Eduardo Baldon, médico radioterapeuta do Hospital de Clínicas da Unicamp, explica que, embora a braquiterapia ainda seja uma técnica relevante, os materiais e métodos evoluíram significativamente. “A braquiterapia, que é aquilo que Marie fez lá atrás, ainda é utilizada, porém não com os mesmos materiais”, afirma Baldon. Ele ressalta que os equipamentos modernos empregam fontes radioativas com tempo de vida mais curto, que são expostas apenas durante o tratamento, minimizando a exposição desnecessária à equipe médica e aos pacientes. No passado, as agulhas de curieterapia representavam um risco de exposição contínua, não apenas para o paciente, mas para toda a equipe envolvida no procedimento.

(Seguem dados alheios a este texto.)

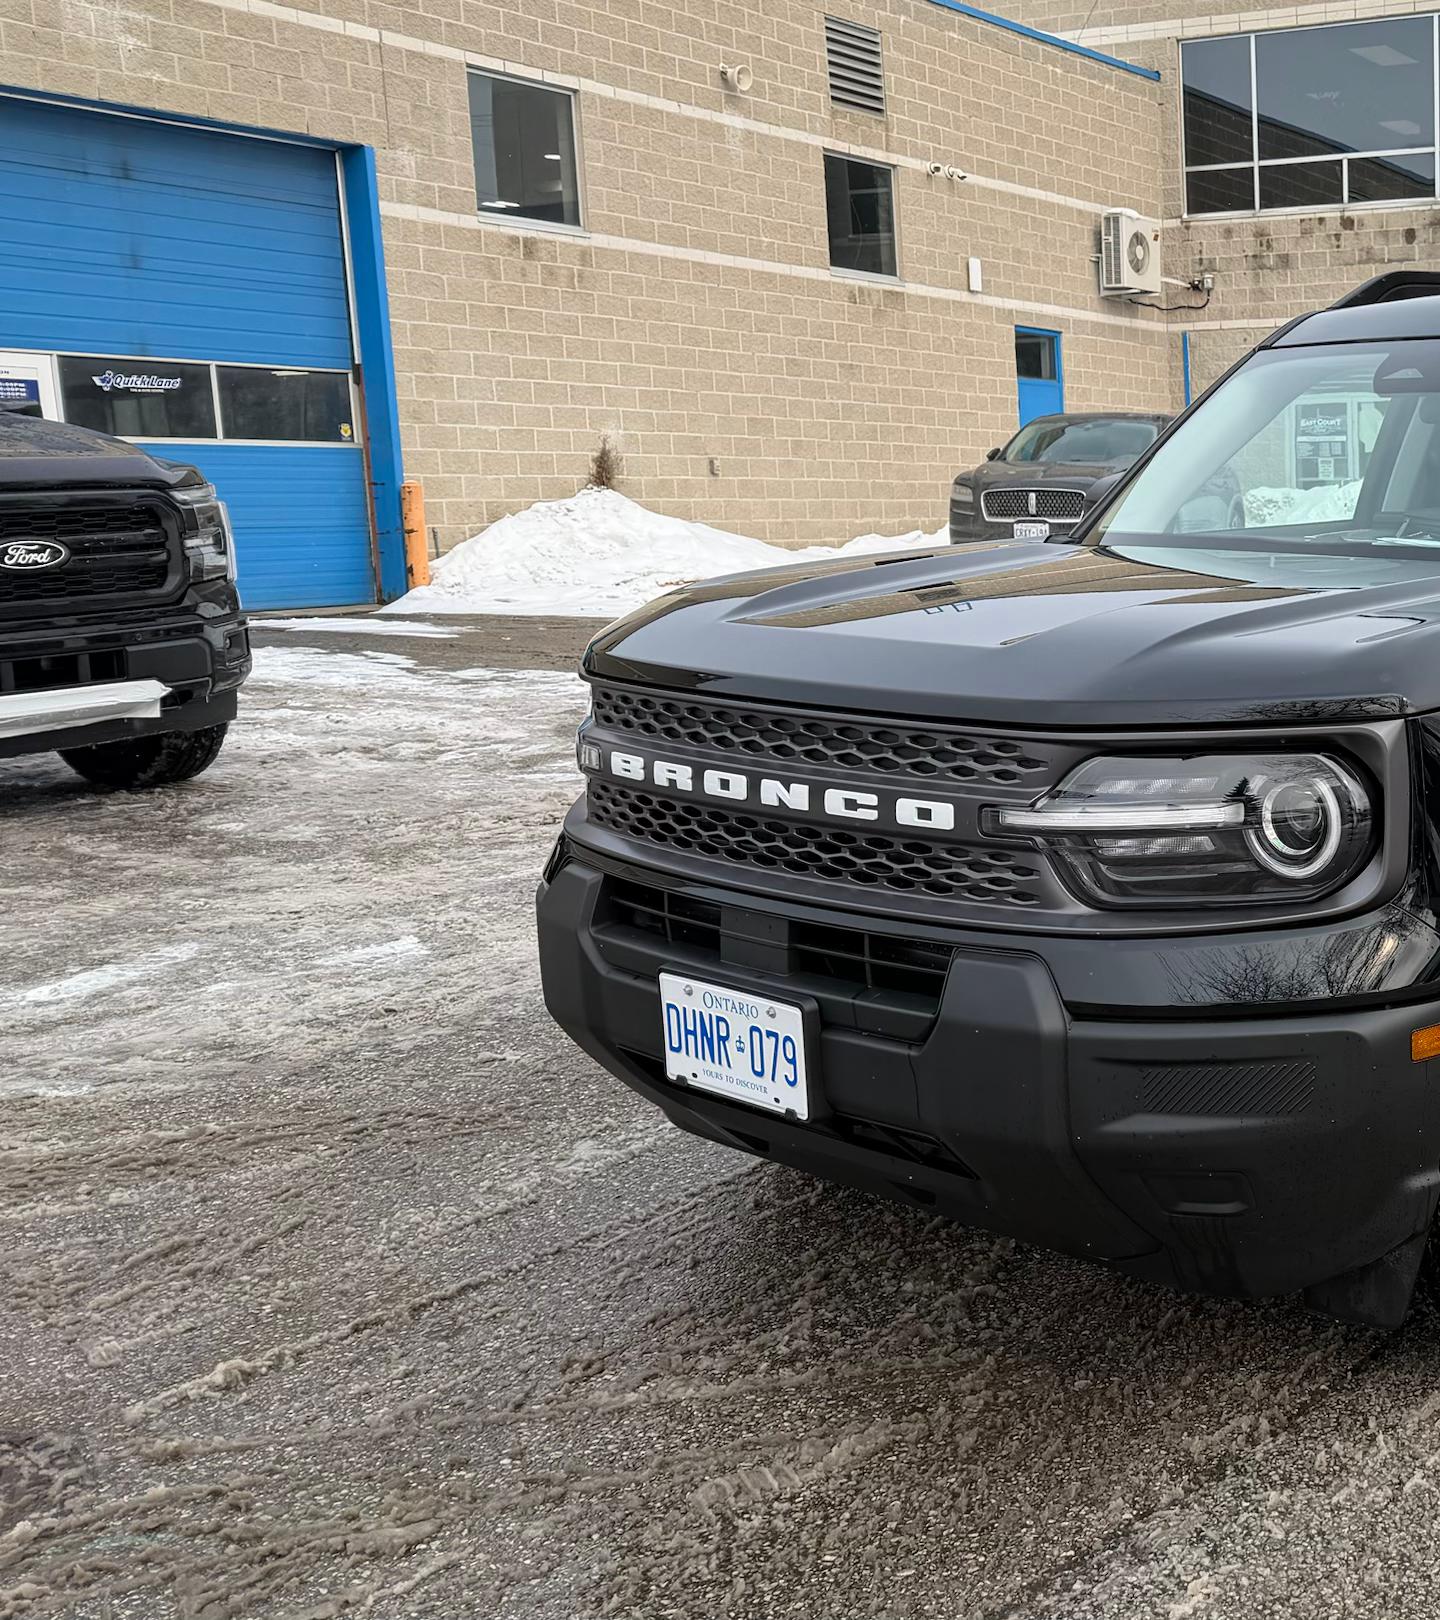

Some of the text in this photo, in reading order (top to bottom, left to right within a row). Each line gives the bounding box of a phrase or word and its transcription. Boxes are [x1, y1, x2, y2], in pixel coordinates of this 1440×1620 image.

[4, 545, 51, 565] Ford
[610, 751, 955, 831] BRONCO
[702, 991, 759, 1020] ONTARIO
[665, 1002, 798, 1087] DHNR 079
[702, 1068, 769, 1095] YOURS TO DISCOVER

O rádio-226, elemento presente nas agulhas, é um emissor alfa e gama com um tempo de meia-vida de aproximadamente 1.600 anos. Seu decaimento radioativo, no entanto, pode gerar o gás radônio, altamente contaminante. Por essa razão, fontes de rádio mais antigas eram seladas para evitar vazamentos, mas a pressão interna gerada pelo radônio podia causar fissuras, representando um risco elevado de contaminação.

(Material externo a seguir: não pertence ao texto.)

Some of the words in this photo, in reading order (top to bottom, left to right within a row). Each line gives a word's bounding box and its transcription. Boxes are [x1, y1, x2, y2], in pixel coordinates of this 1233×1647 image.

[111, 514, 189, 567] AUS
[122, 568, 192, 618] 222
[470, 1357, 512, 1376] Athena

O Processo de Síntese do Rádio e a Descoberta dos Elementos Radioativos por Marie Curie
A produção do rádio, elemento central nas agulhas doadas por Marie Curie, é um processo complexo que remonta às pesquisas pioneiras da própria cientista. Rogério Mourão, chefe do Serviço de Gerenciamento de Rejeitos do CDTN da CNEN, explica que Madame Curie sintetizava o rádio a partir do minério de urânio, um processo que demandava dedicação e conhecimento técnico avançado para a época.